Autofill logins and passwords is checked in about:preferences#privacy
This is looking like a bug to me. Should I post to Bugzilla?
Can you use "Fill Login" and "Fill Password" in the right-click context menu ? Are these users using the Primary Password ?
Autofill normally only works if there is only one login saved for this origin.
As a test you can temporarily set signon.debug = true and check the Browser Console for login related messages.
You can check the about:policies#active page to see whether policies are active (63+).
- Fill Login from the right-click context menu works, and automatically fills in the password without needing to select Fill Password. [Actually, I didn't know this feature exists at all, so thank you :-) I can work with the browser using this, although it remains a change from the previous and expected behaviour.]

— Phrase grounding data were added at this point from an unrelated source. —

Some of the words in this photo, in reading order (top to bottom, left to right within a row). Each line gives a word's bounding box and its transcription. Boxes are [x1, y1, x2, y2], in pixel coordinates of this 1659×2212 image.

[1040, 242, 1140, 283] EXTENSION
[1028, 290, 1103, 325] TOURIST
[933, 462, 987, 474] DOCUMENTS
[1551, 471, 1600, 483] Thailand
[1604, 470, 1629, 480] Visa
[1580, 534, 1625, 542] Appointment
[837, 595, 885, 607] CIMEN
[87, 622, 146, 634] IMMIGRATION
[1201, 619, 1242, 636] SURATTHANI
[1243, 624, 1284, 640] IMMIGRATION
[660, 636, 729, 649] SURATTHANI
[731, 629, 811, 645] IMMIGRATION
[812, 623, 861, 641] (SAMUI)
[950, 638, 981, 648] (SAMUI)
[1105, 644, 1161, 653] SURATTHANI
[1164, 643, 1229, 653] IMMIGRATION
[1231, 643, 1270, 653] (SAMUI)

- Nothing on the console when enabling signon.debug = true when loading a site where I have only one logon, either before or after using Fill Login from the right-click context menu.

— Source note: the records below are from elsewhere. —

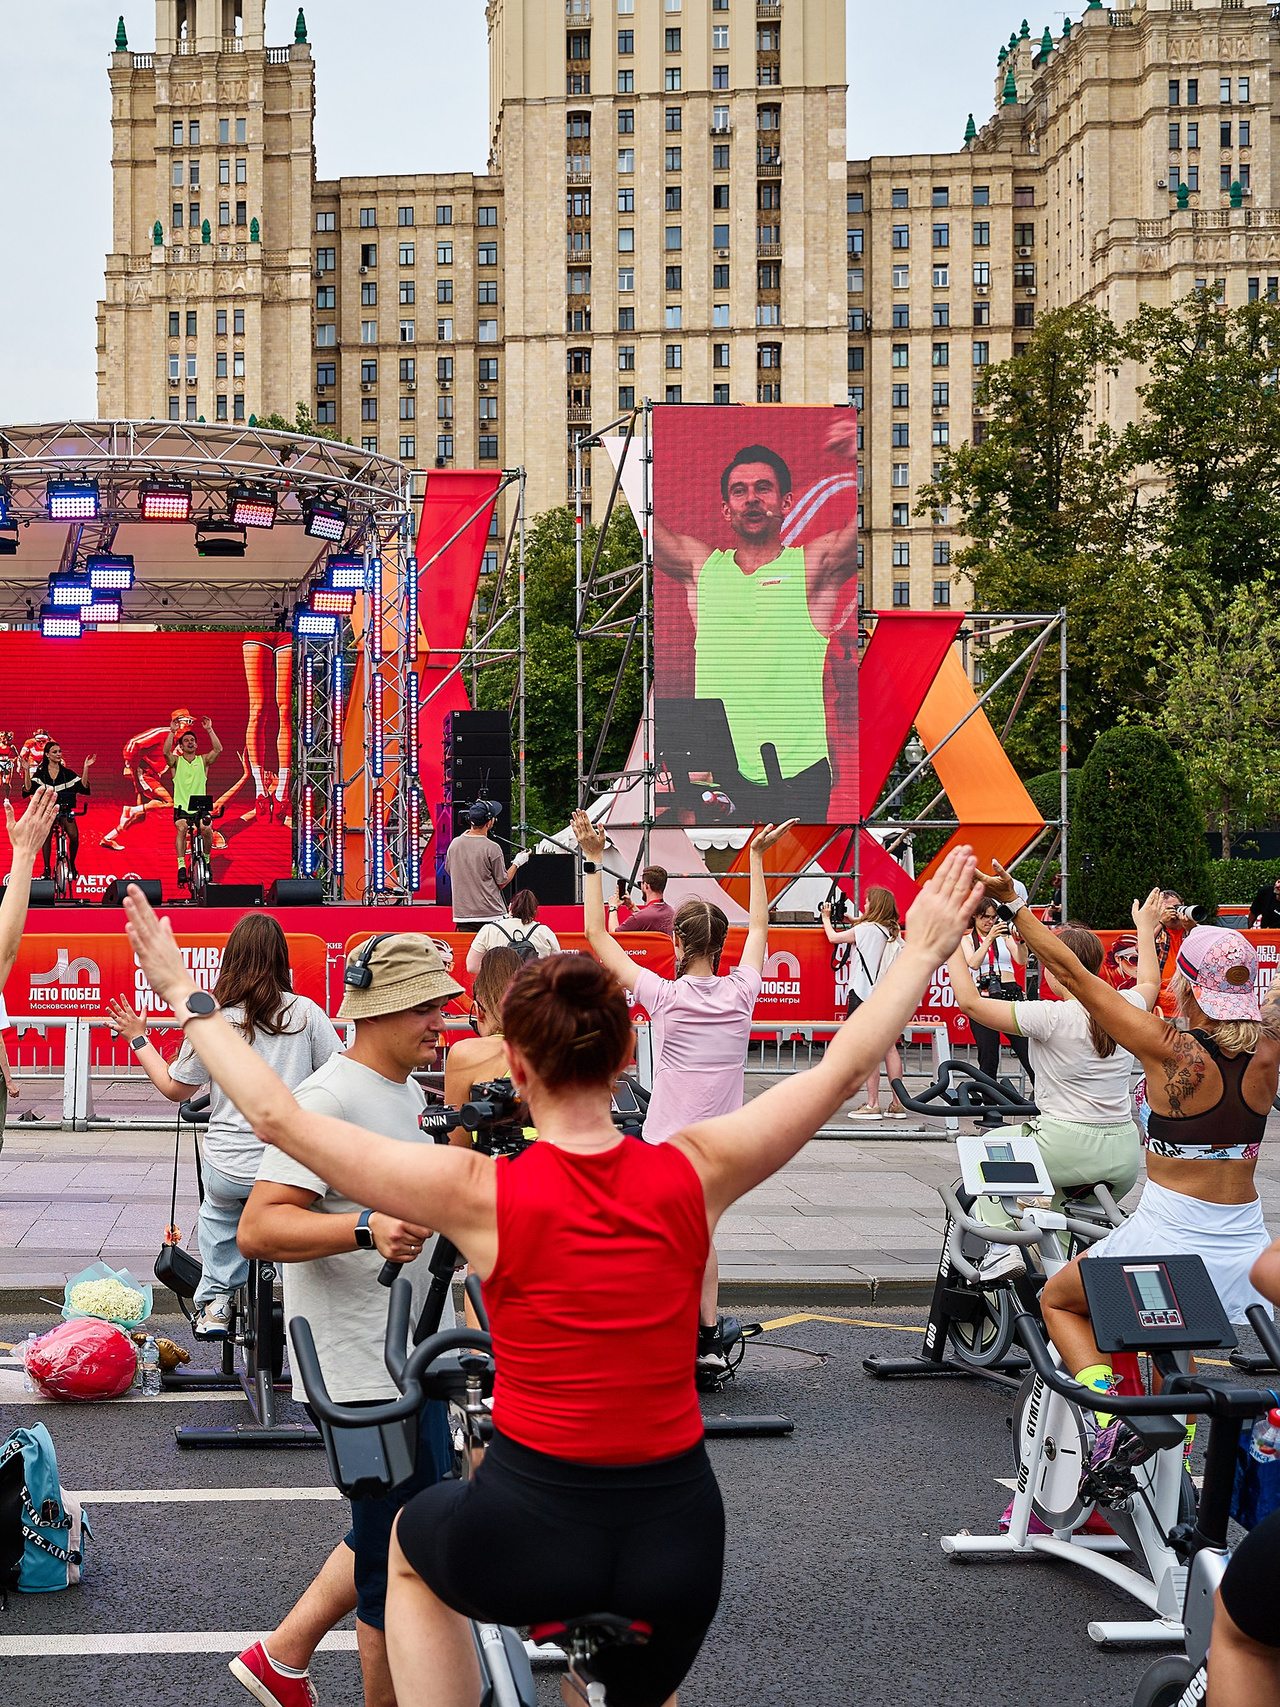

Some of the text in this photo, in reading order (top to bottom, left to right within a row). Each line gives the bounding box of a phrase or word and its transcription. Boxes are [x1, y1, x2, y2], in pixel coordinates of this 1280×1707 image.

[28, 988, 101, 1001] ЛЕТО ПОБЕД
[760, 981, 801, 995] ПОБЕД
[30, 1002, 101, 1011] Московские игры
[926, 1322, 937, 1349] 009
[1017, 1461, 1030, 1494] 008
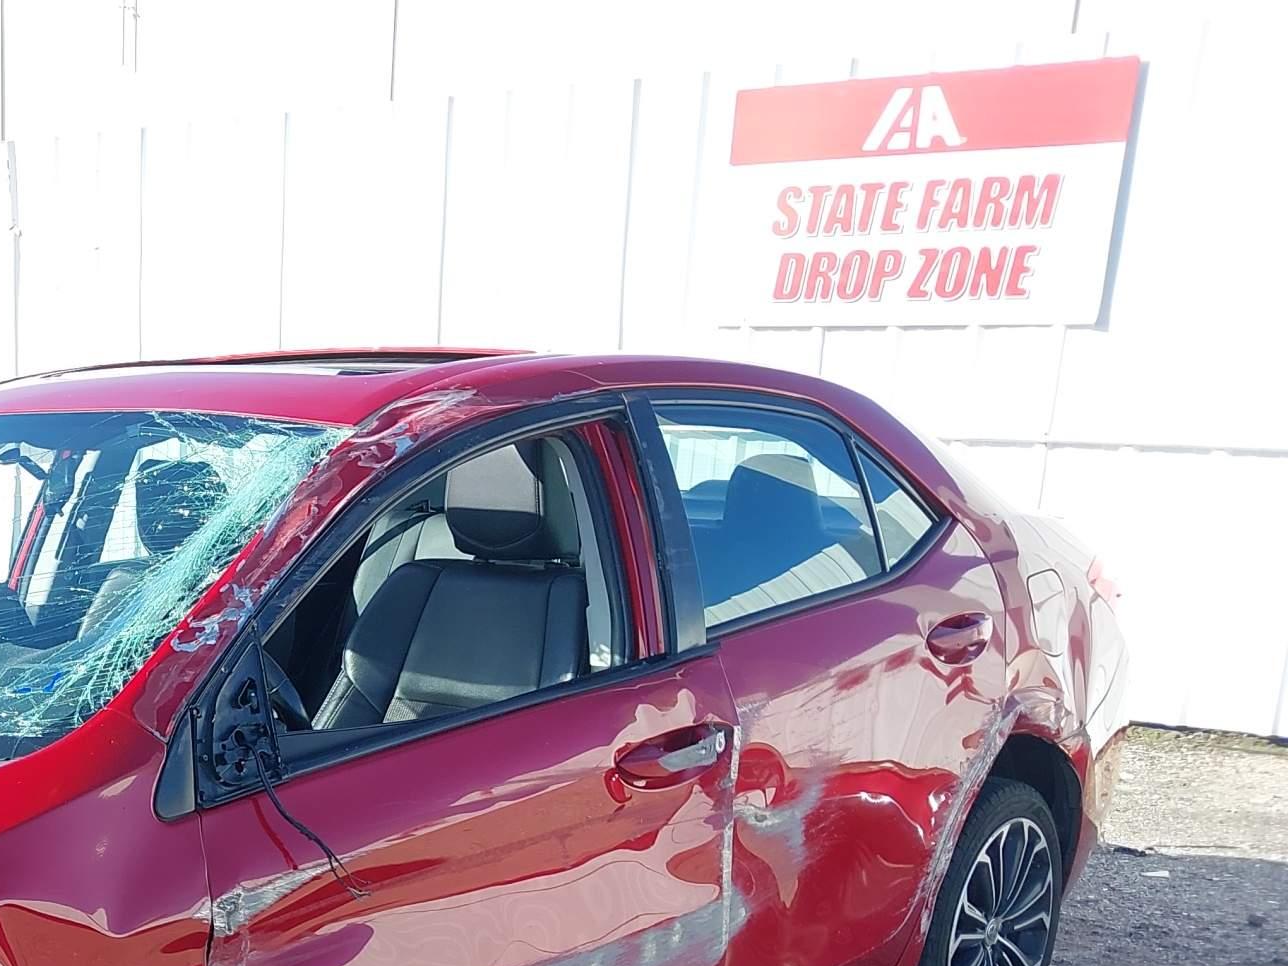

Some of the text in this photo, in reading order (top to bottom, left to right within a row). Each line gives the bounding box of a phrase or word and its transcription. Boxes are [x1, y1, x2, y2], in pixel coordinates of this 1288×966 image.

- Output from about:policies#active is attached. Given the output, I checked Resultant Set of Policy on my Windows 10 client and noted it indeed had these 2 configured to Disabled in Group Policy, contrary to what I believed had been configured. So I reconfigured these to Not configured in Group Policy, ran gpupdate.exe /force, checked gpresult.exe to confirm they were reset, but still no change in about:policies#active To experiment, I reconfigured these to Enabled in Group Policy, ran gpupdate.exe /force, checked output of gpresult.exe had changed. But still no change in about:policies#active.
Output of gpresult.exe with the 2 policies set to 'Enabled' and 'Not configured' attached — no Mozilla/Firefox node in the 'Not configured' example since there was no Group Policy configured at all for Firefox.

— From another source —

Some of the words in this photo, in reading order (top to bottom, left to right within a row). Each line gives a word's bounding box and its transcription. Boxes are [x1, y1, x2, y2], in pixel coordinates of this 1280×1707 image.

Perhaps my colleague did set the 2 policies originally, but I can't explain how the change I'm making now to Group Policy isn't being picked up by Firefox. I must be missing something! What is it?
Bewerkt door Damon op
Gekozen oplossing
You can inspect the Mozilla and Firefox keys with the Windows Registry Editor in HKEY_LOCAL_MACHINE and in HKEY_CURRENT_USER with the Windows Registry Editor to see whether GPO policy rules are active.
- HKEY_LOCAL_MACHINE\SOFTWARE\Policies\Mozilla\Firefox\
- HKEY_CURRENT_USER\SOFTWARE\Policies\Mozilla\Firefox\
Note that the mere presence of the "Mozilla\Firefox\" key is sufficient to make Firefox display this notification, so if you have the Firefox key then remove it and only leave the Mozilla key or remove this key as well if it is empty.
- HKEY_LOCAL_MACHINE\SOFTWARE\Policies\Mozilla\Firefox\ =>
HKEY_LOCAL_MACHINE\SOFTWARE\Policies\Mozilla\
I feel like a dill. Group Policies were being applied to both Computer and User, I had only checked the User. I am grateful for your assistance.